Indeed, the AFm training included most of the structures in the DB5 benchmark for its training as many structures (either unbound or bound) were deposited before the training cut-off period. One of the challenges of estimating this bias is the availability of new structures - both bound and unbound deposited after the training cut-off. Estimating the extent of training bias is therefore conditional on these factors and difficult. A few studies have attempted to address this bias (Yin et al, 2022, https://doi.org/10.1002/pro.4379).

In our study, we assess this bias by comparing the AFm structures to the bound and unbound forms and calculating their Ca RMSDs and TM-scores (new addition). We now elaborate in the Results:Dataset curation section and we have added a figure comparing the TM-scores in the supplement.

We added a clarifying text and a note about the TM-score calculation in the manuscript as follows:

“Since most of the benchmark targets in DB5.5 were included in AlphaFold training, there would be training bias associated with their predictions (i.e. our measured success rates are an upper bound).”

“We also calculated the TM-scores of the AFm predicted complex structures with respect to the bound and the unbound crystal structures (Supplementary Figure S2). As TM-scores reflect a global comparison between structures and are less sensitive to local structural deviations, no strong conclusions could be derived. This is in agreement with our intuition that since both unbound and bound states of proteins will share a similar fold, and AlphaFold can predict structures with high TM-scores in most cases, gauging the conformational deviations with TM-scores would be inconclusive.”

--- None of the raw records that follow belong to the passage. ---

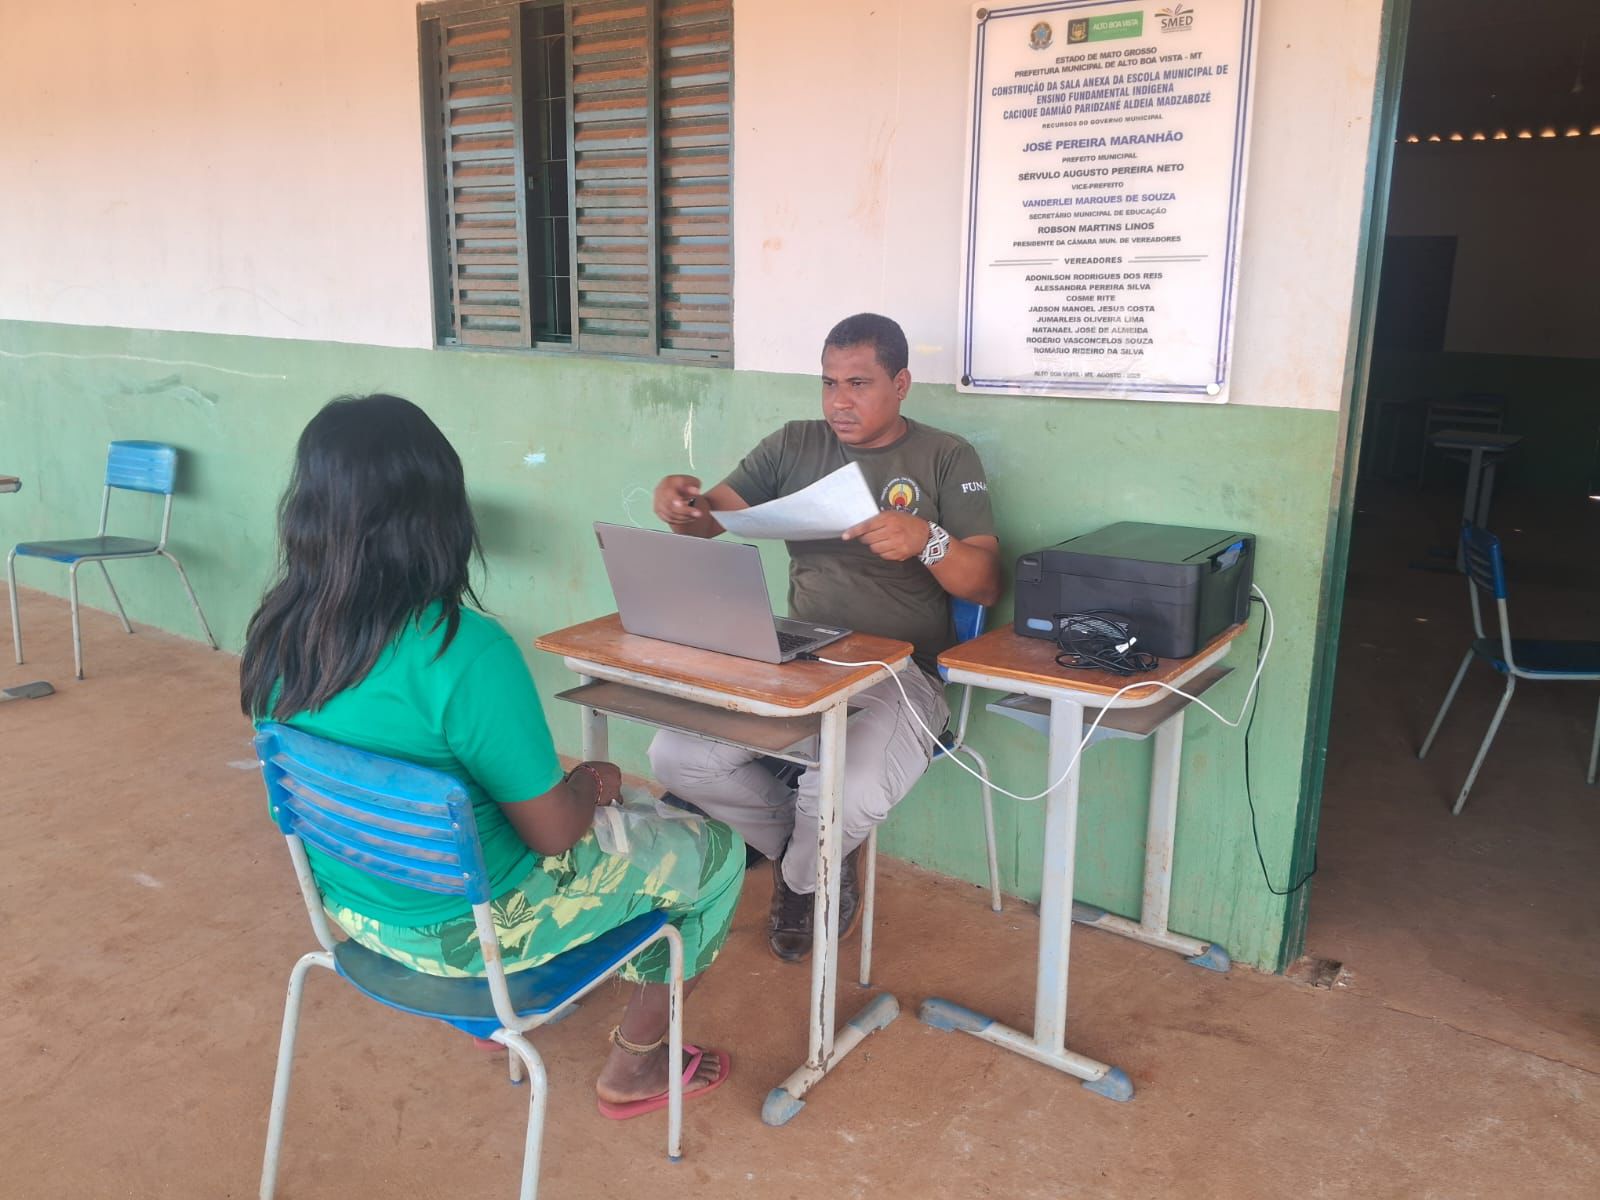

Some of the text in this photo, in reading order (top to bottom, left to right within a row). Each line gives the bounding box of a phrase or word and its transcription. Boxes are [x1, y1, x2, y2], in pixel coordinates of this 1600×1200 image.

[1093, 19, 1139, 30] ALTO BOA VISTA
[1161, 15, 1194, 29] SMED
[1055, 53, 1085, 64] ESTADO
[1099, 51, 1121, 59] MATO
[1123, 46, 1157, 57] GROSSO
[1014, 68, 1060, 78] PREFEITURA
[1061, 62, 1103, 73] MUNICIPAL
[1104, 60, 1116, 69] DE
[1117, 58, 1138, 67] ALTO
[1139, 56, 1157, 65] BOA
[1159, 54, 1183, 63] VISTA
[1189, 52, 1203, 60] MT
[991, 64, 1229, 97] CONSTRUÇÃO DA SALA ANEXA DA ESCOLA MUNICIPAL DE
[1036, 93, 1066, 105] ENSINO
[1068, 87, 1130, 102] FUNDAMENTAL
[1003, 107, 1038, 120] CACIQUE
[1123, 98, 1154, 109] ALDEIA
[1042, 121, 1077, 129] RECURSOS
[1090, 117, 1124, 125] GOVERNO
[1125, 114, 1164, 123] MUNICIPAL
[1055, 137, 1107, 150] PEREIRA
[1110, 130, 1184, 146] MARANHÃO
[1062, 152, 1138, 163] PREFEITO MUNICIPAL
[1063, 168, 1109, 178] AUGUSTO
[1111, 165, 1154, 175] PEREIRA
[1156, 163, 1185, 173] NETO
[1071, 181, 1124, 190] VICE-PREFEITO
[1022, 192, 1176, 208] VANDERLEI MARQUES DE SOUZA
[1073, 209, 1112, 218] MUNICIPAL
[1037, 222, 1155, 234] ROBSON MARTINS LINOS
[1013, 239, 1054, 248] PRESIDENTE
[1055, 238, 1066, 246] DA
[1098, 237, 1118, 245] MUN.
[1119, 236, 1130, 244] DE
[1131, 234, 1182, 244] VEREADORES
[1064, 256, 1123, 265] VEREADORES
[1025, 272, 1163, 282] ADONILSON RODRIGUES DOS REIS
[1034, 284, 1087, 292] ALESSANDRA
[1127, 283, 1151, 291] SILVA
[1066, 294, 1095, 302] COSME
[1028, 305, 1155, 313] JADSON MANOEL JESUS COSTA
[1036, 316, 1145, 324] JUMARLEIS OLIVEIRA LIMA
[1098, 326, 1109, 334] DE
[1110, 326, 1149, 334] ALMEIDA
[1063, 337, 1123, 345] VASCONCELOS
[1124, 337, 1154, 345] SOUZA
[1071, 347, 1105, 355] RIBEIRO
[1120, 348, 1145, 356] SILVA

(2) For the CASP15 targets where this bias is absent, the presentation was very brief. In particular, it would be interesting to see how AFm helped with the docking. The authors may even want to do a direct comparison with docking results without the help of AFm.

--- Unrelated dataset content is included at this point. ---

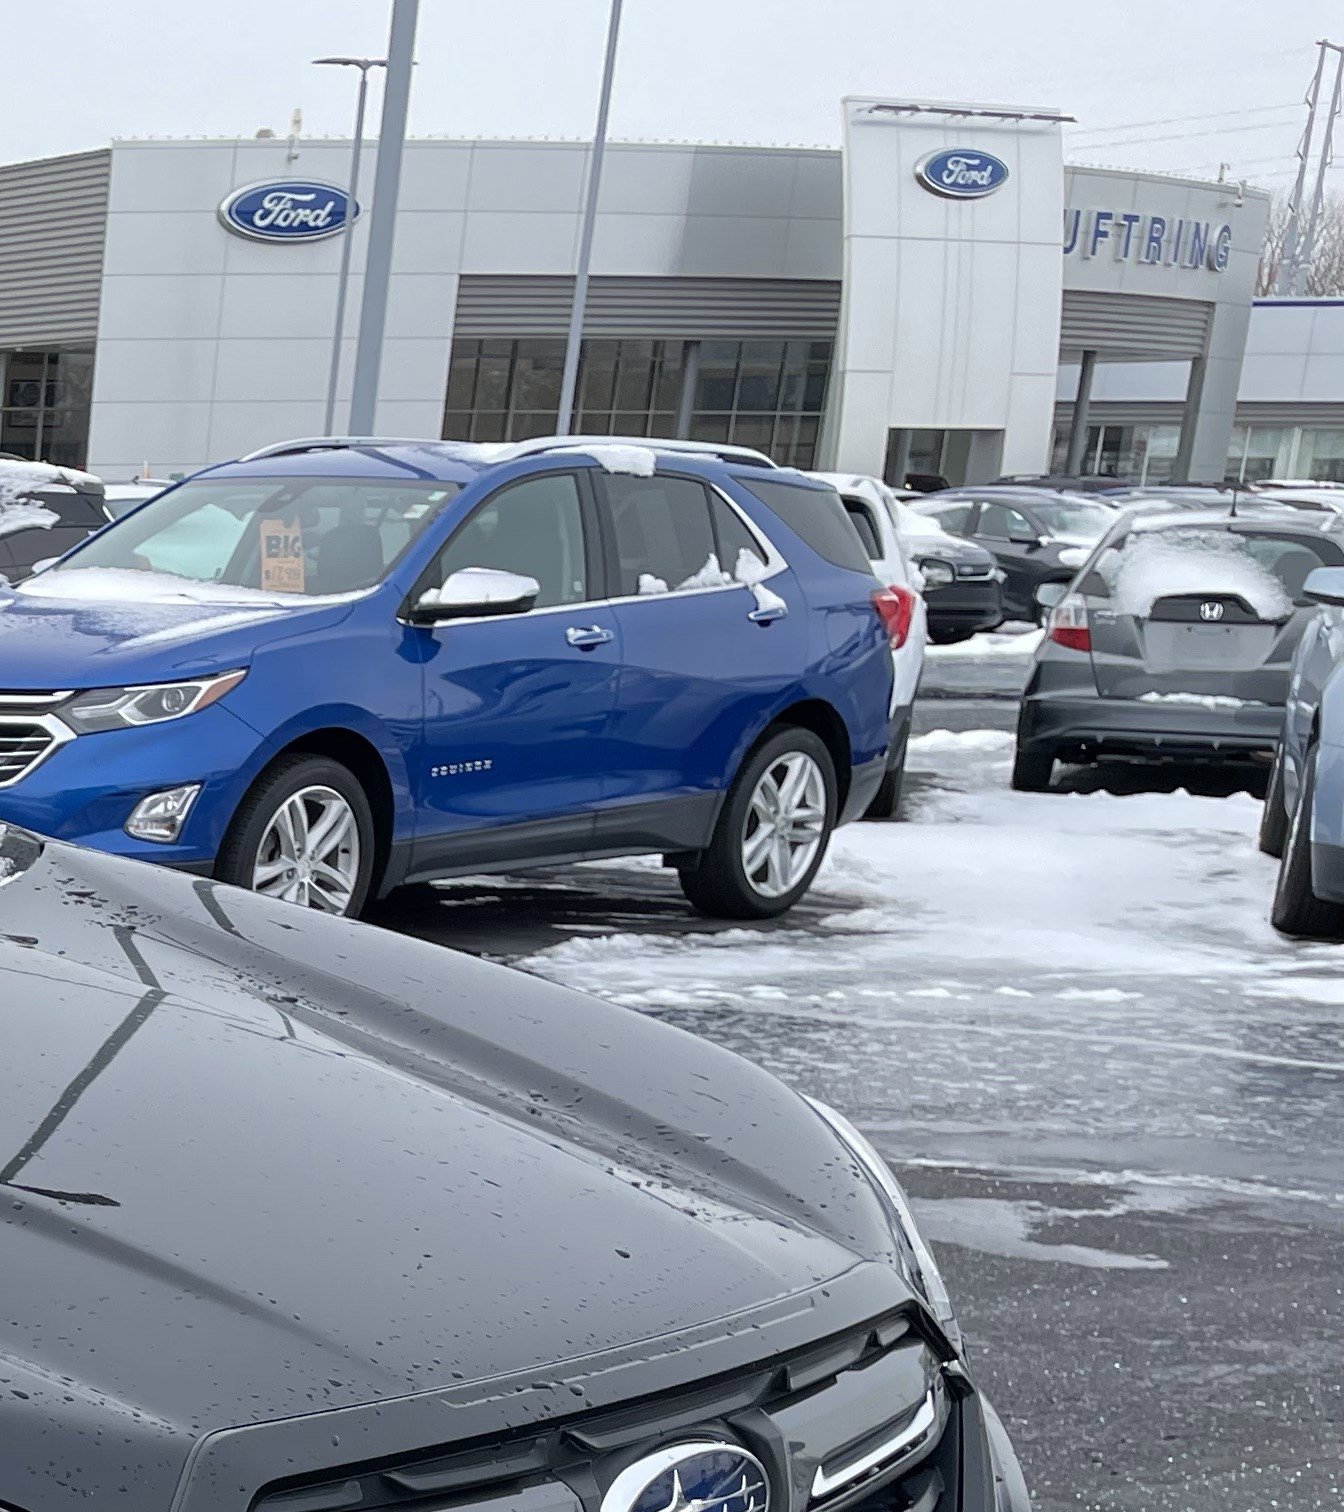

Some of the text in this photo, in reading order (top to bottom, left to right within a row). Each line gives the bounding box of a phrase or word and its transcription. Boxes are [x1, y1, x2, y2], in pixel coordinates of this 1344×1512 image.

[942, 156, 993, 185] Ford
[253, 191, 335, 228] Ford
[265, 535, 302, 558] BIG

Unfortunately since this was a CASP-CAPRI round, the structure of the unbound Antigen or the nanobodies was unavailable. Thus we cannot perform a comparison without using AF2 at all since we need a structure prediction tool to produce the unbound nanobody and the nanobody-antigen complex template structure to dock. This has been clarified in the main text for better understanding for the readers.

“Since the nanobody-antigen complexes were CASP targets, we did not have unbound structures, rather only the sequences of individual chains. Therefore, for each target, we employed the AlphaRED strategy as described in Fig 7.”

Reviewer #1 (Recommendations For The Authors):

For suggestions for major improvements, see comments under weaknesses. One additional suggestion: the authors found that pLLDT is predictive of flexible residues. Can they try to find AFm features that are predictive of the interface site? Such information may guide their docking to a local site.

This is a great idea that we and others have been thinking about considerably. Prior work by Burke et al. (Towards a structurally resolved human protein interaction network) examines AlphaFold’s ability to predict PPIs. For high-confidence predicted models of interacting protein complexes, the authors showed that pDockQ correlated reasonably well with correct protein interactions.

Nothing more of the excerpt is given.